We should check the mask extension (best to look in the original 2D mask) to see if these pixels were masked by the cosmic ray rejection routine. I tested it on arc lines to make sure it does not identify bright lines, but these ones might be even brighter than what I tested on.
Yes, these pixels match with those of the mask extension. Perhaps this problem can be solved by using a higher cosmic ray rejection threshold?
And we’re sure it’s from the cosmic ray rejection? We should make sure by checking the 2D masks before and after cosmics.
N.
— Niv Drory — McDonald Observatory, The University of Texas at Austin https://www.as.utexas.edu/~drory
On Jun 20, 2024, at 16:44, José Eduardo Méndez-Delgado @.***> wrote:
Yes, these pixels match with those of the mask extension. Perhaps this problem can be solved by using a higher cosmic ray rejection threshold?
— Reply to this email directly, view it on GitHubhttps://github.com/sdss/lvmdrp/issues/112#issuecomment-2180889658, or unsubscribehttps://github.com/notifications/unsubscribe-auth/AJXJJ7IZAJFJYGV6SRS3YJDZILTFFAVCNFSM6AAAAABJSNW7FOVHI2DSMVQWIX3LMV43OSLTON2WKQ3PNVWWK3TUHMZDCOBQHA4DSNRVHA. You are receiving this because you commented.Message ID: @.***>
I have reduced the pointing with the key '-d': drp run -m 60285 -de 8910.
Upon reviewing the lvm-dobject* files present in the 'ancillary' folder, I checked the masks for bad and saturated pixels, and they do not seem to match the NaNs and Infs I observe in the SFrame.
This could be related to my request in #95 that bad CCD columns be blanked in the FLUX image.
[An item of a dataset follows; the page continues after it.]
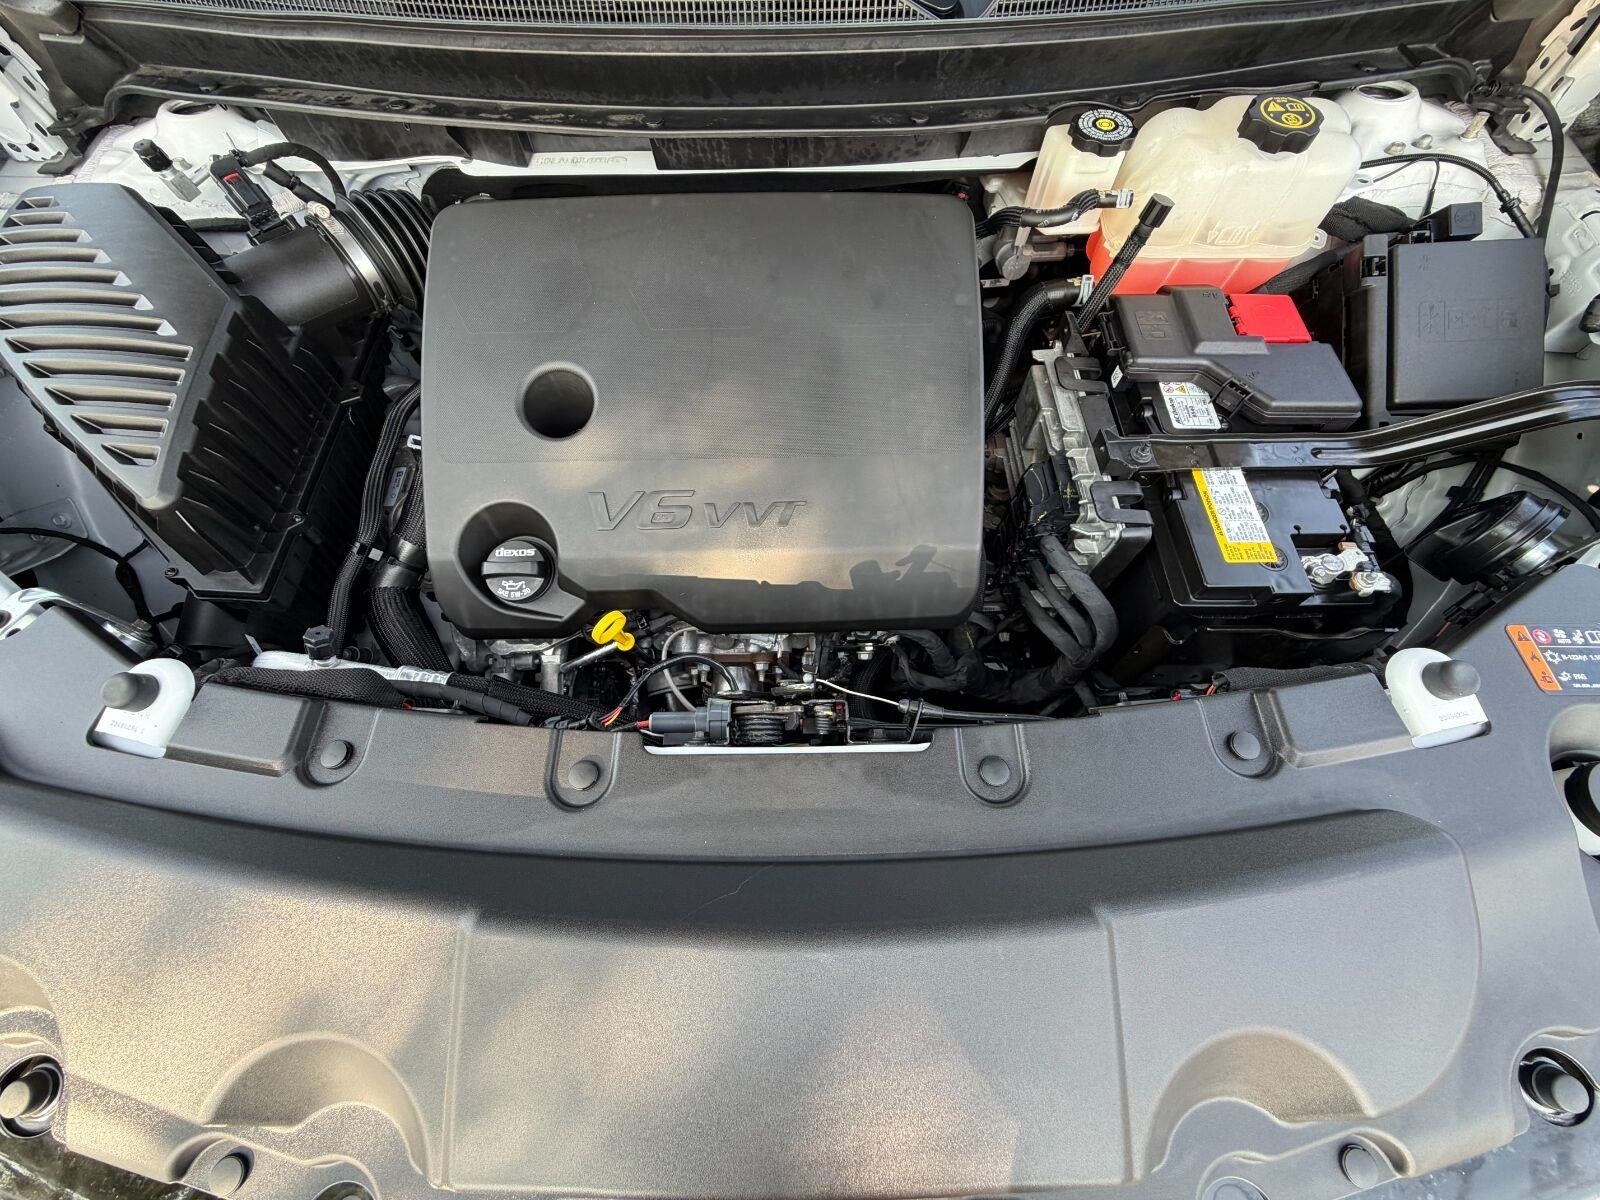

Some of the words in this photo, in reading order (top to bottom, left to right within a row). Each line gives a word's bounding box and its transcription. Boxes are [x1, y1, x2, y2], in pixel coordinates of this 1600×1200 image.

[587, 489, 696, 532] V6
[703, 500, 808, 529] VVT
[495, 547, 537, 557] dexos
Of course, I now realize that these are set to 1 in the MASK image, so if people would prefer that the FLUX image not have NaNs, we might want to roll that change back. I can just make sure to apply the mask before collapsing the spectra.
Hello,
Following Niv and Kathryn's suggestion, I have been reviewing the ImageMethod routine in the DRP. I changed the threshold value from 1.3 to 2.0. After the local reduction of Orion, the "NaNs" that appeared in the emission lines practically disappeared, except for a few spots in H-alpha, the brightest line of all.
Visually, I inspected the cosmic rays, and it seems that their distribution remains the same, meaning that the increase from 1.3 to 2.0 does not appear to have caused the cosmic rays to go unnoticed. I will be testing if there are rlim values that can completely eliminate the problematic NaNs in the emission lines without causing defects in the cosmic ray masking and will report here if I find any.
On the other hand, the inf values in some fibers remain unchanged. This seems to be related to a different issue not related to the cosmic ray routine.
I think rlim=2 is a good value. With higher values (2.3) we start to loose some real cosmic rays.
I can't reproduce the issue with invalid values in fibers except for unexposed standard fibers (see email thread as well). Is this still relevant?
The following observations associated with the Orion Nebula:
Present the following issues with the new DRP reduction:
Many of the fibers show inf values. Although I understand this may be an effect of dead fibers, in the previous version of the DRP, the fibers with inf values were fine. They seem associated with bright knots covering O stars.
Many of the lines (e.g., HI 4861) present pixels with 'nan' values in fibers that are not dead.